Me levanto a las diez y media después de pasar otra noche en vela por pensar en que este será el cuarto día de las madres que estaré lejos de casa. Engullo sin ganas un tazón de cereal, listo para escuchar la misma charla de siempre sobre el nuevo reportero “estrella” en las conferencias de Gatell, los mejores Tik Tok del día anterior y la ineludible pregunta sobre cuándo acabará el encierro; prolongamos la sobremesa absortos en el celular buscando alguna noticia nueva que nos dé para charlar un par de minutos; la verdad es que evitamos vernos los rostros más de la cuenta, que los cuatro desearíamos estar con nuestras familias y, en cambio, aquí estamos, atrapados a 500 km de nuestros hogares, con los nervios desgastados por la rutina, la misma maldita rutina de toparnos solo los cuatro en medio de estas paredes que ya no alcanzan para contener los humos. Consumimos lo poco que nos queda de paciencia e intentamos no matarnos porque alguien olvidó sacar la basura anoche, o no guardó la comida en el refrigerador, o no lavó los platos de la cena (ese último fui yo). Las únicas veces que estamos en paz es cuando hay alcohol, pero hasta eso nos arrebataron. Guardamos con recelo las últimas tres botellas de vino para ocasiones “especiales” en las que todos colapsamos por el tedio; entonces convertimos la sala en cine, hacemos las palomitas y abrimos aquella dichosa botella… una copa por persona, una comedia mediocre y un silencio de dos horas bastan para olvidarnos un poco de que apenas llevamos 40 días encerrados, y faltan otros 40 más.
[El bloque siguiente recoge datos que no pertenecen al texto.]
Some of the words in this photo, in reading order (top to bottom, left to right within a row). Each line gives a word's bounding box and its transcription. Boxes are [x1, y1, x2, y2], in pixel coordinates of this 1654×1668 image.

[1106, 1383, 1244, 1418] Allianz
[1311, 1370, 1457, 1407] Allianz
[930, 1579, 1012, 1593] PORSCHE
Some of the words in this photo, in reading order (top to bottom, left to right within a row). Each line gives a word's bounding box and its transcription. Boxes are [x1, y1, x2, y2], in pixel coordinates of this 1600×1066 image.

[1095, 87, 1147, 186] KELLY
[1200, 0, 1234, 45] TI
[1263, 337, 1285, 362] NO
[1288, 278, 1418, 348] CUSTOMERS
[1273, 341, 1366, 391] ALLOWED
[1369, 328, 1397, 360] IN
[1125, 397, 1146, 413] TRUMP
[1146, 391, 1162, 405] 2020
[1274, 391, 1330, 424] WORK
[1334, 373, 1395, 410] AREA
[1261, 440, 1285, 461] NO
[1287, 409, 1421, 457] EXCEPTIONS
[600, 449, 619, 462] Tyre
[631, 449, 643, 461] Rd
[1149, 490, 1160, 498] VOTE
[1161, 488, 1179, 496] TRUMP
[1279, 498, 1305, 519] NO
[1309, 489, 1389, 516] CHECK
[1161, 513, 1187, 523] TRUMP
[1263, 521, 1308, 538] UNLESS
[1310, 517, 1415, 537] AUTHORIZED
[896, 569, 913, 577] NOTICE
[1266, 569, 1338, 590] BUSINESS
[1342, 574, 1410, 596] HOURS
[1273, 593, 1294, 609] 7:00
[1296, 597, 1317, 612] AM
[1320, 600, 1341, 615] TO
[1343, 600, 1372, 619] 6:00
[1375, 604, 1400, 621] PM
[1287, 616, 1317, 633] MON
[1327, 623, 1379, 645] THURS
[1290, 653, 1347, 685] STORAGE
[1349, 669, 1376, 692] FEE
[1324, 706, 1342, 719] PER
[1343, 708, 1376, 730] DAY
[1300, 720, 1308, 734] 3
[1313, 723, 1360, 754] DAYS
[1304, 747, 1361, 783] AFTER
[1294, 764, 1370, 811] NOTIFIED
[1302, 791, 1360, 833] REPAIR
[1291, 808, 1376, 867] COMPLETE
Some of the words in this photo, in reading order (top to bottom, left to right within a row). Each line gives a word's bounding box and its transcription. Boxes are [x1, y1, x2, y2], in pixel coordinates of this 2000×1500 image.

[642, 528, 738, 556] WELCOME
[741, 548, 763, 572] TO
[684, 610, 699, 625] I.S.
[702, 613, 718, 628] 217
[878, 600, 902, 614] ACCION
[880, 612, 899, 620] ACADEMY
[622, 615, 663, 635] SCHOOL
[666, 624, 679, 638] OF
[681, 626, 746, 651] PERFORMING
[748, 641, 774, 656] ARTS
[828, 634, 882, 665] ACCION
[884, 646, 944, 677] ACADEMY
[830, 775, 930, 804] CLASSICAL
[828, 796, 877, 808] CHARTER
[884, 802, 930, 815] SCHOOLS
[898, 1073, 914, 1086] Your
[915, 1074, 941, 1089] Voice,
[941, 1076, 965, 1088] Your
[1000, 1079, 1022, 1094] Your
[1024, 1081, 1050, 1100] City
En mi cuarto, el estante de los libros se quedó vacío conforme el calendario se llenó de cruces. Desearía tener más, pero el resto está en Tepic y comprar libros nuevos no es una opción porque el próximo mes se acaba la beca. No sé cuánto me tomará conseguir un empleo o si alguien siquiera estará contratando; no sé si podré pagar la renta o si ahorré lo suficiente para comer hasta encontrar algo. Sólo sé que esta pandemia me ató seis meses más a la escuela, sin beca y sin trabajo, y que no puedo hacer nada al respecto más que “mantener la sana distancia” y “quedarme en casa” mientras los imbéciles que no creen en el coronavirus, pero sí en que hay médicos robando el líquido de las rodillas, pasean por la calle y nos condenan a dos, cuatro, seis, o quién sabe cuántos meses más de este encierro. ¿Hasta cuándo terminará este jueves?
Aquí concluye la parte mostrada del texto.